Please print exactly the lines running from the one that contains "this 2000×1333 image." to the end of the data, with both lines included.

RECORDS SHOWN =>
· · · · ·
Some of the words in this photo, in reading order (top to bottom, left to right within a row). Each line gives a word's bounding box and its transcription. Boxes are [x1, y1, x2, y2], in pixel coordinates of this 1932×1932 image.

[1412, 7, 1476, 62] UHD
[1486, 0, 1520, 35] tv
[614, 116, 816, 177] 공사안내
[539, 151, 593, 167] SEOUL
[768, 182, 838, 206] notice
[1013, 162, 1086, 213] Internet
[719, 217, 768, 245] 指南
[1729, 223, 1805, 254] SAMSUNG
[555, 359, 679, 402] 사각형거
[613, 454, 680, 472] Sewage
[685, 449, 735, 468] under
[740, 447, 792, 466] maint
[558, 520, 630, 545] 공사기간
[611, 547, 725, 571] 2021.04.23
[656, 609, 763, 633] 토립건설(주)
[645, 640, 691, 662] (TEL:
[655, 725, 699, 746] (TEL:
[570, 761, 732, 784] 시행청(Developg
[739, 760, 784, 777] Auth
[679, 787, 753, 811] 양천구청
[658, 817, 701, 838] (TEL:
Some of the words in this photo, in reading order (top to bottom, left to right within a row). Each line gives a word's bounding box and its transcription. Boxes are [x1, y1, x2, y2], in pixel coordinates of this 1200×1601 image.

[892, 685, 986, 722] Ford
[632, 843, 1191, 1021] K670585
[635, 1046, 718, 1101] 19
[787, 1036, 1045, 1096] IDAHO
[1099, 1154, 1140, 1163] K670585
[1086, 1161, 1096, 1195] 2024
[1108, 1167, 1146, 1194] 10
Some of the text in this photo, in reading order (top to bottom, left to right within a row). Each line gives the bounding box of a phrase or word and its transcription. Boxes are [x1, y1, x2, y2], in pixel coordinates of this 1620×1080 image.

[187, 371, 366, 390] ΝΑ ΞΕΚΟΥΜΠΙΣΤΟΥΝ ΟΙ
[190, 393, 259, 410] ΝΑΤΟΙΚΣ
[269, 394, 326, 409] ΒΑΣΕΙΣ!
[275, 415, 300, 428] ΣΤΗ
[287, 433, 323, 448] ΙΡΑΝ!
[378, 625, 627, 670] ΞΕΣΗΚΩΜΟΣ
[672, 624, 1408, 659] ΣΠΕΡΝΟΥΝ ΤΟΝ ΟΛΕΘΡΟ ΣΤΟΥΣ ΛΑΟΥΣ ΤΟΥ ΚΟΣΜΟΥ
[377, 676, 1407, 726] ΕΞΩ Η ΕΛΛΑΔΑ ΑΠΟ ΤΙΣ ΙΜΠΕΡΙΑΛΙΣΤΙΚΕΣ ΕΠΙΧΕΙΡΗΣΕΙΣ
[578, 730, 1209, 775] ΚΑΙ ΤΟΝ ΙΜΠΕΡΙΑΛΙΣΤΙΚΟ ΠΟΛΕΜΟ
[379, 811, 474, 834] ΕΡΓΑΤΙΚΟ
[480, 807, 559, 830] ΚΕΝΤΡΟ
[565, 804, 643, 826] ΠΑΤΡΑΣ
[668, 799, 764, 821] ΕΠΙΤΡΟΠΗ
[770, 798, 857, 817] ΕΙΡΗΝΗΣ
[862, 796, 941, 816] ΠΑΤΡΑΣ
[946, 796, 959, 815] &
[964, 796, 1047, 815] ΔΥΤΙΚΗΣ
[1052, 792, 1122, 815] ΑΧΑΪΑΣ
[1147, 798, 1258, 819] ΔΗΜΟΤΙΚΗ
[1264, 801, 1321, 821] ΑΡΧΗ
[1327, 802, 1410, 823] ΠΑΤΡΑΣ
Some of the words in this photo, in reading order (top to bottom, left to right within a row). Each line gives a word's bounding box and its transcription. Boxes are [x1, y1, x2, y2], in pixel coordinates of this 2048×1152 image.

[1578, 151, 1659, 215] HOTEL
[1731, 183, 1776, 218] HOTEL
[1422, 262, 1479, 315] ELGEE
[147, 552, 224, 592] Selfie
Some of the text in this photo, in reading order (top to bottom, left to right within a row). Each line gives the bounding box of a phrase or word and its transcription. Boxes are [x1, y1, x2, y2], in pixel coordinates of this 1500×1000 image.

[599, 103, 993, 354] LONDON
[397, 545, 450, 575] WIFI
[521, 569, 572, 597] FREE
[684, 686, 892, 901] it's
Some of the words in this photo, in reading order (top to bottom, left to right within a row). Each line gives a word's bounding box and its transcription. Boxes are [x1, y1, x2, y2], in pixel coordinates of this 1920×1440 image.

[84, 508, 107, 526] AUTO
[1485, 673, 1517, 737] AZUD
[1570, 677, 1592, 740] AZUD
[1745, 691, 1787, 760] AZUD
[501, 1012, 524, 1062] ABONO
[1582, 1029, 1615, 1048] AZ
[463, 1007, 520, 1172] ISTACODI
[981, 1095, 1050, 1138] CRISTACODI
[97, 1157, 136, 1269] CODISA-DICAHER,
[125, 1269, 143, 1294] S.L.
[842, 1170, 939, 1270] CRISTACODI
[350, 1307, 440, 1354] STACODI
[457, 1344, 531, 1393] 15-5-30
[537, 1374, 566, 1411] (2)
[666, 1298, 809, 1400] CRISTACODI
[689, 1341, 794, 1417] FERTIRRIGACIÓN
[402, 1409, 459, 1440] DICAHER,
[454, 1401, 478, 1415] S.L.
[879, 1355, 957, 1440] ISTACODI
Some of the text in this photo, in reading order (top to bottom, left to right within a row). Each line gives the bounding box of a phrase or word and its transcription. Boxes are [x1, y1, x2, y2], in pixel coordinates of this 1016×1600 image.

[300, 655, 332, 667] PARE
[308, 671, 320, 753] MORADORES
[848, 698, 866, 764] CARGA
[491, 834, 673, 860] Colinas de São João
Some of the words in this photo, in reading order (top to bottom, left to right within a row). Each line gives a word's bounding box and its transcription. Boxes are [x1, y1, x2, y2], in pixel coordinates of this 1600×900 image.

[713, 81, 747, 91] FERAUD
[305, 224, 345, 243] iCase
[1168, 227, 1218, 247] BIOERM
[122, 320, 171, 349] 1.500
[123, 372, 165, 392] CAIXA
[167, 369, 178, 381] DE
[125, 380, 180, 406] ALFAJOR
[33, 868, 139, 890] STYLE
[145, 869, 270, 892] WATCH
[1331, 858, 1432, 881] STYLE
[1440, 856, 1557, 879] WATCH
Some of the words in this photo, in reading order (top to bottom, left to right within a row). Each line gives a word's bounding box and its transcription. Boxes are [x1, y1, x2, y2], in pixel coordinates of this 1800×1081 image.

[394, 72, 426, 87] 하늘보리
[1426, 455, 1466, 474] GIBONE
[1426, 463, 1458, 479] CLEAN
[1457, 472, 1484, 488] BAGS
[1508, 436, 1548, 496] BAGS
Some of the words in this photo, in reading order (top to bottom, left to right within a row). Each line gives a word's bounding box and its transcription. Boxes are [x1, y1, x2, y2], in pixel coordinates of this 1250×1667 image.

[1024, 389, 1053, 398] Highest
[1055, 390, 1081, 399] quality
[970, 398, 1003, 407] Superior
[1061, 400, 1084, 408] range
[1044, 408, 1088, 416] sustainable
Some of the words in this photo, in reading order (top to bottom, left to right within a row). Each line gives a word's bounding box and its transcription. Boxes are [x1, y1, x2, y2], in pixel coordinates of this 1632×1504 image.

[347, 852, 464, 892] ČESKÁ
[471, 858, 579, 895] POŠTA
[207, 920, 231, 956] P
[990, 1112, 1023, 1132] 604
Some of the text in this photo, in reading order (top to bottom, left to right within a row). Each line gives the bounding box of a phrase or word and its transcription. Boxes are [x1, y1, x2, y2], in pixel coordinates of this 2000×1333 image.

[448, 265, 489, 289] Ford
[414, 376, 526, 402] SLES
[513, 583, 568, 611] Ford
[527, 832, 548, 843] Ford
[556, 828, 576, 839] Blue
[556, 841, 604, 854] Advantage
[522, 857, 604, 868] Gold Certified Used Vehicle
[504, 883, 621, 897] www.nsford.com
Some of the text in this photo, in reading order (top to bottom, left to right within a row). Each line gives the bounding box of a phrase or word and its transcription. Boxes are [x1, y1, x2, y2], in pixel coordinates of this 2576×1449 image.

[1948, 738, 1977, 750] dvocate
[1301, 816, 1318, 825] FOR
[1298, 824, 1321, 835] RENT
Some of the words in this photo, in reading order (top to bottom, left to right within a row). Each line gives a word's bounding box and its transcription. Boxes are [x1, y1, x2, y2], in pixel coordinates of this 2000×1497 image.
· · · · ·
RESPONSE =>
Some of the text in this photo, in reading order (top to bottom, left to right within a row). Each line gives the bounding box of a phrase or word and its transcription. Boxes are [x1, y1, x2, y2], in pixel coordinates of this 2000×1333 image.

[448, 265, 489, 289] Ford
[414, 376, 526, 402] SLES
[513, 583, 568, 611] Ford
[527, 832, 548, 843] Ford
[556, 828, 576, 839] Blue
[556, 841, 604, 854] Advantage
[522, 857, 604, 868] Gold Certified Used Vehicle
[504, 883, 621, 897] www.nsford.com
Some of the text in this photo, in reading order (top to bottom, left to right within a row). Each line gives the bounding box of a phrase or word and its transcription. Boxes are [x1, y1, x2, y2], in pixel coordinates of this 2576×1449 image.

[1948, 738, 1977, 750] dvocate
[1301, 816, 1318, 825] FOR
[1298, 824, 1321, 835] RENT
Some of the words in this photo, in reading order (top to bottom, left to right within a row). Each line gives a word's bounding box and its transcription. Boxes are [x1, y1, x2, y2], in pixel coordinates of this 2000×1497 image.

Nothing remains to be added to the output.